◆ **Assignment**
Every record here must be copied exactly, except for the images it holds.

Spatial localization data
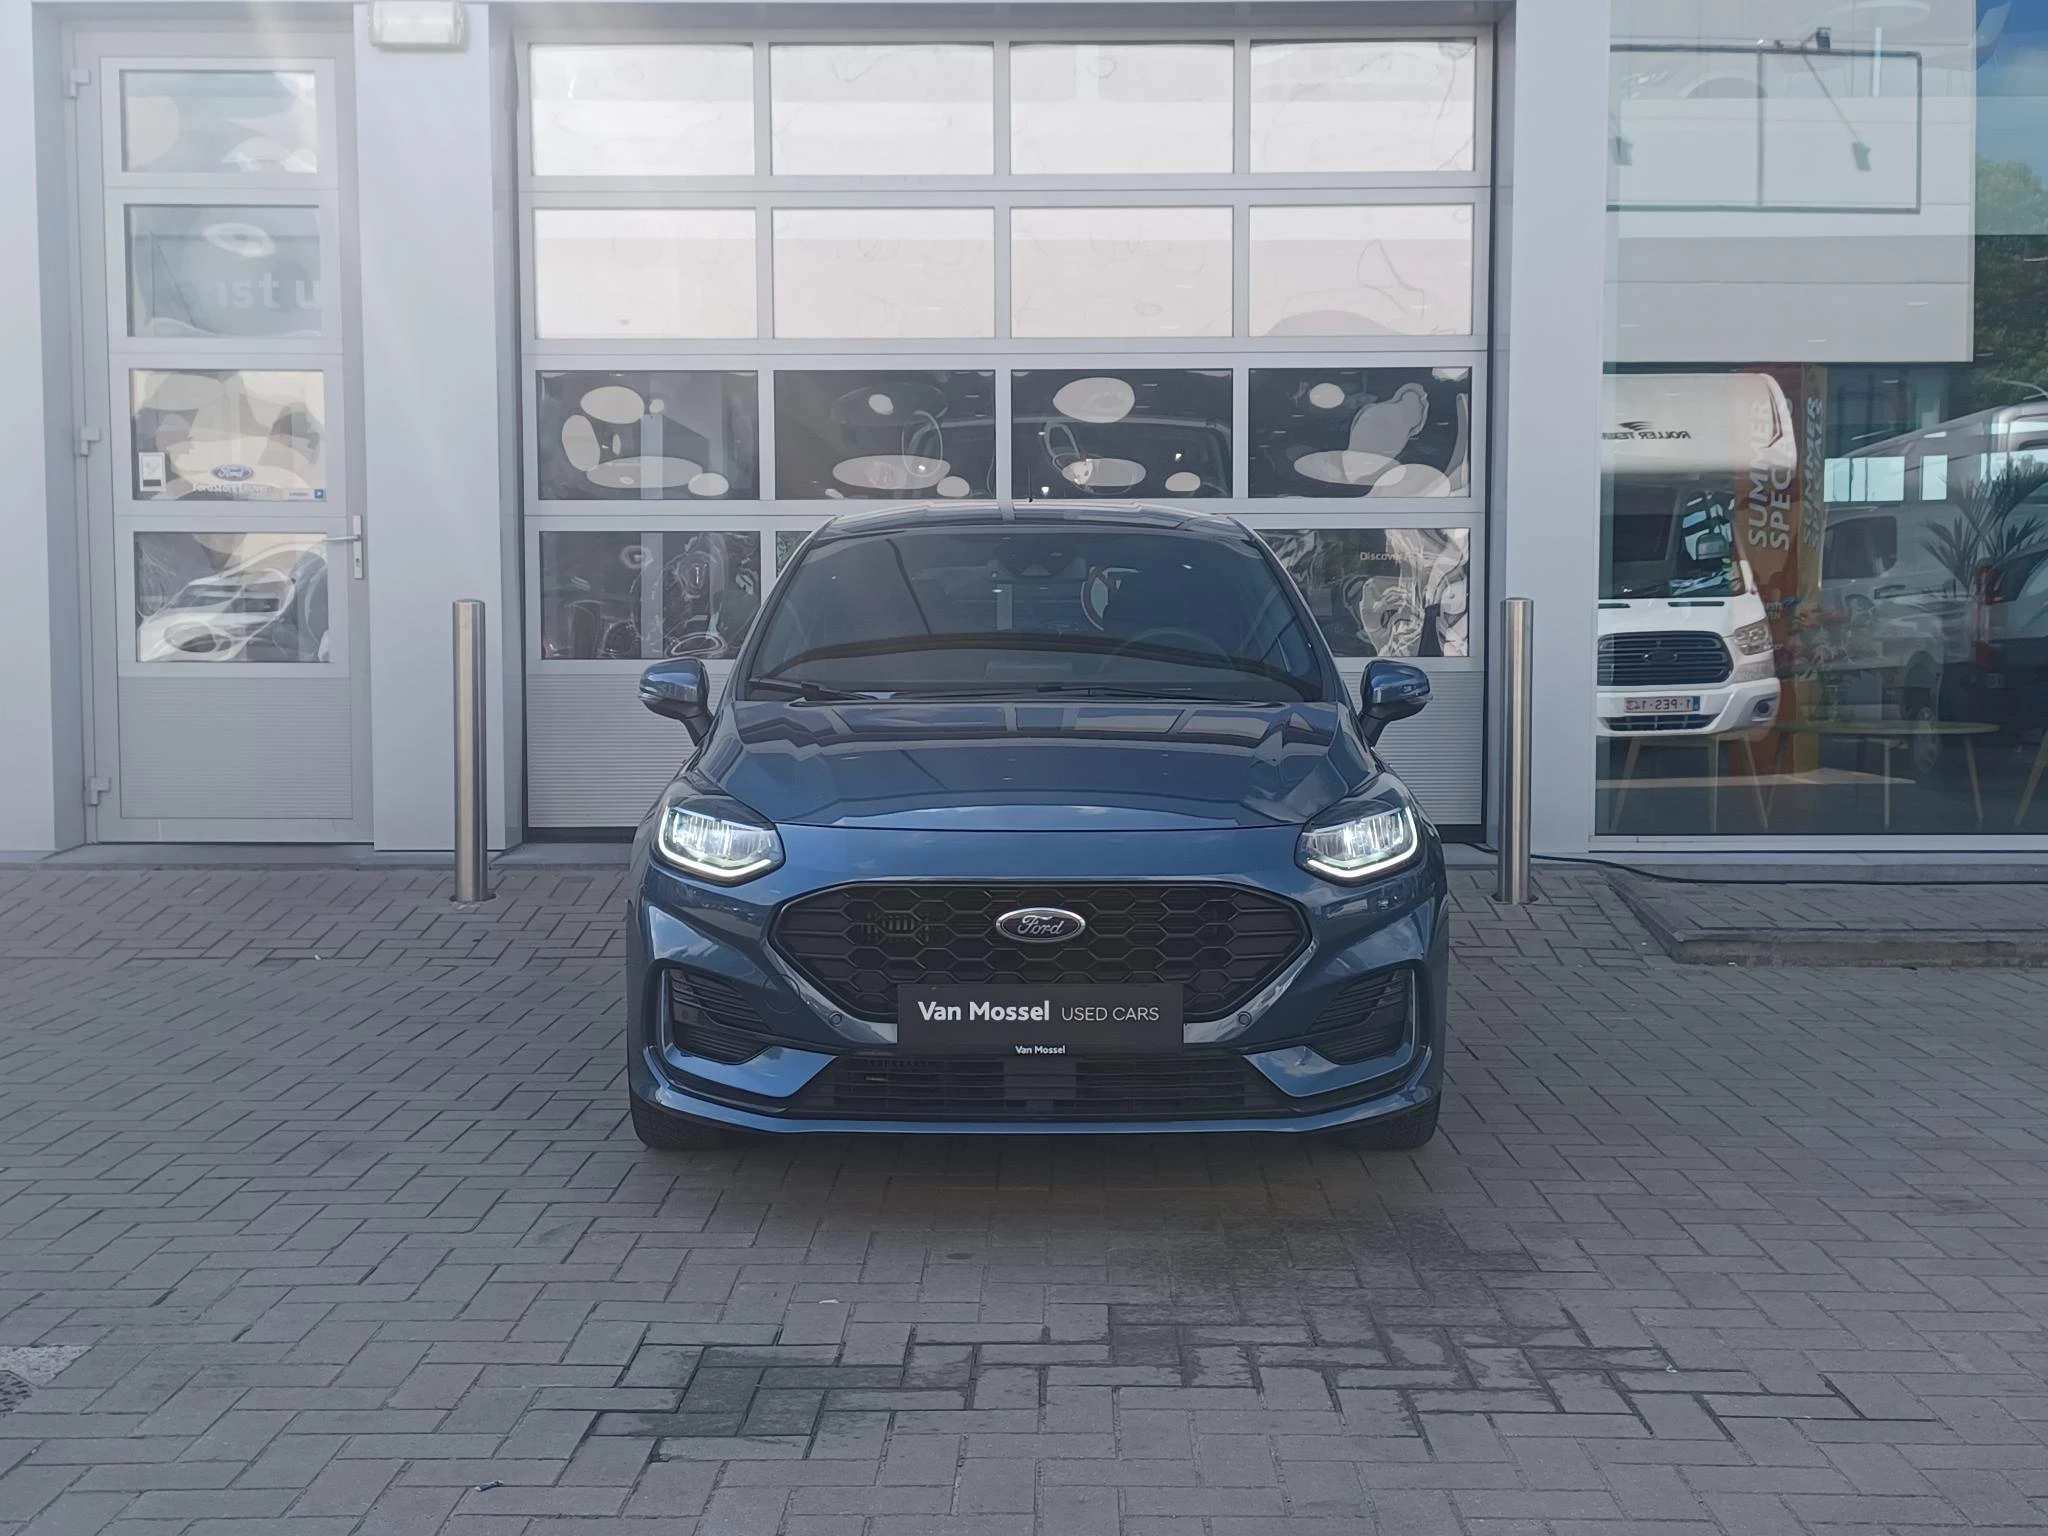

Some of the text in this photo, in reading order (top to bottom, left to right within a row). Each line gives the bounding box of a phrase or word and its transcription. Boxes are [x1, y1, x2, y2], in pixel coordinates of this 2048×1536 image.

[1748, 399, 1770, 548] SUMMER
[1017, 914, 1064, 935] Ford
[917, 1000, 1160, 1022] Van Mossel USED CARS
[1015, 1045, 1066, 1055] Van Mossel
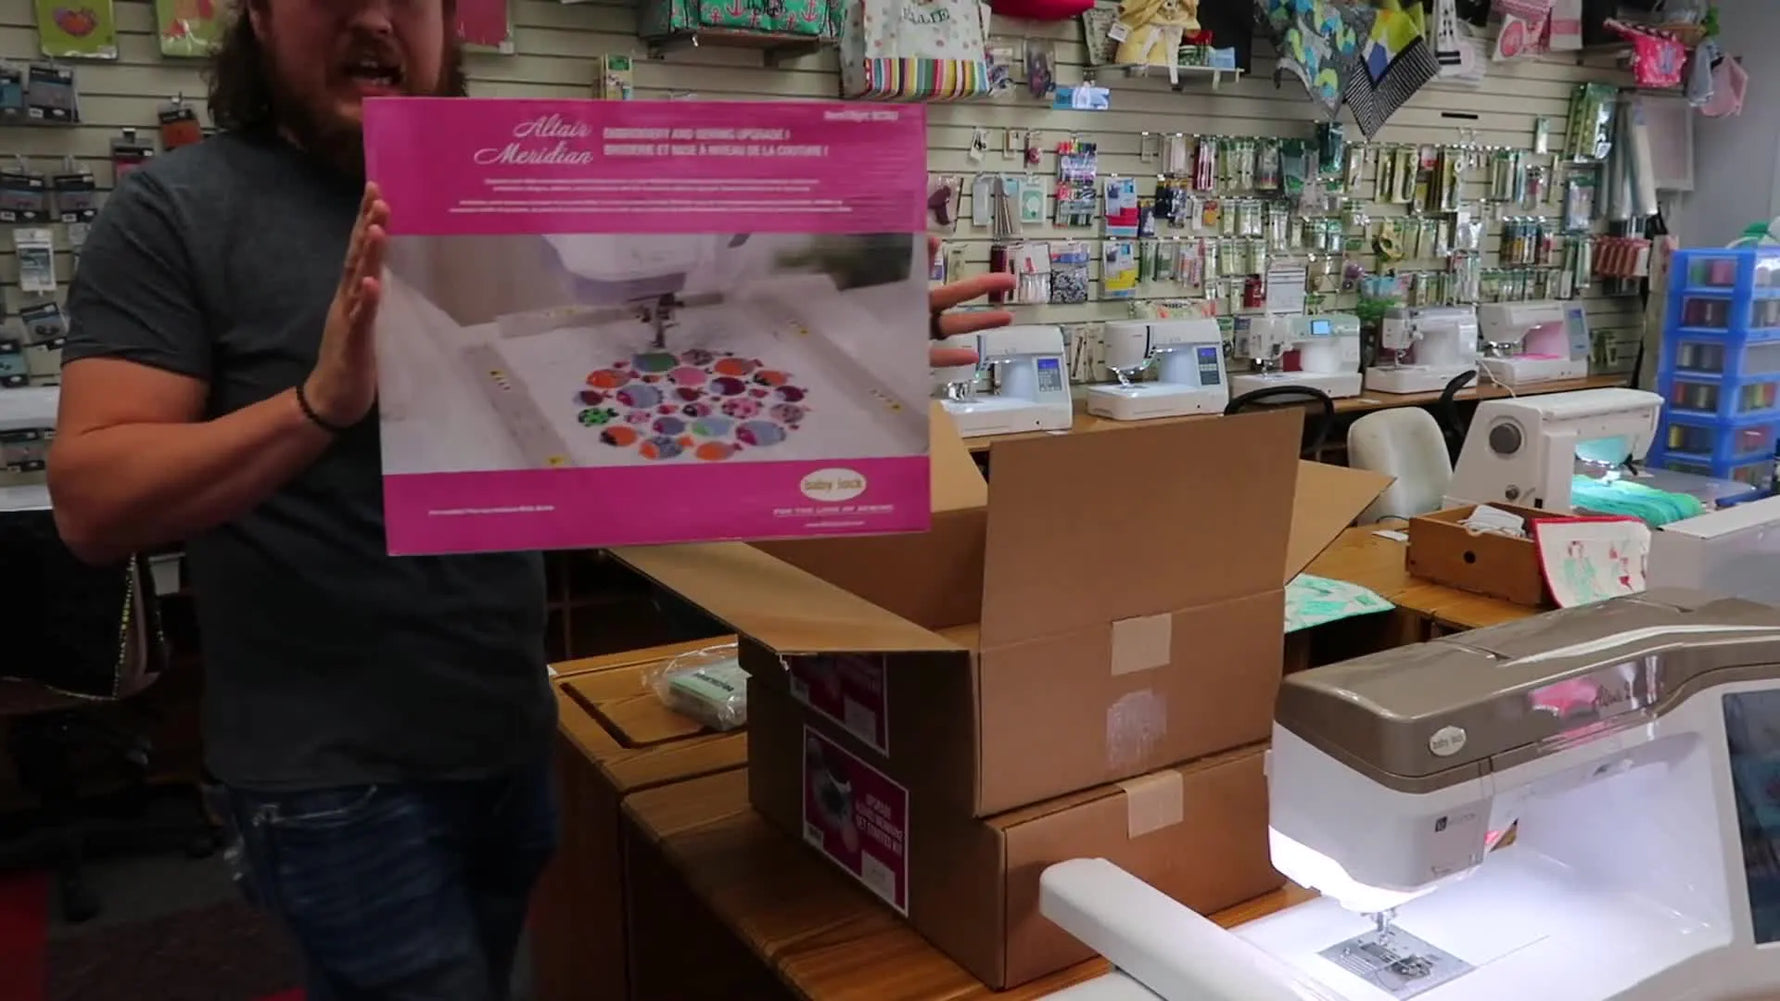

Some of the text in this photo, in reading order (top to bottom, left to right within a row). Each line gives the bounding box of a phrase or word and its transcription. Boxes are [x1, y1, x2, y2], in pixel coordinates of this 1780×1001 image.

◆ **Result for this exercise**
Some of the text in this photo, in reading order (top to bottom, left to right within a row). Each line gives the bounding box of a phrase or word and its transcription. Boxes are [x1, y1, x2, y2], in pixel coordinates of this 2048×1536 image.

[1748, 399, 1770, 548] SUMMER
[1017, 914, 1064, 935] Ford
[917, 1000, 1160, 1022] Van Mossel USED CARS
[1015, 1045, 1066, 1055] Van Mossel

Some of the text in this photo, in reading order (top to bottom, left to right within a row). Each line gives the bounding box of a phrase or word and its transcription. Boxes are [x1, y1, x2, y2], in pixel coordinates of this 1780×1001 image.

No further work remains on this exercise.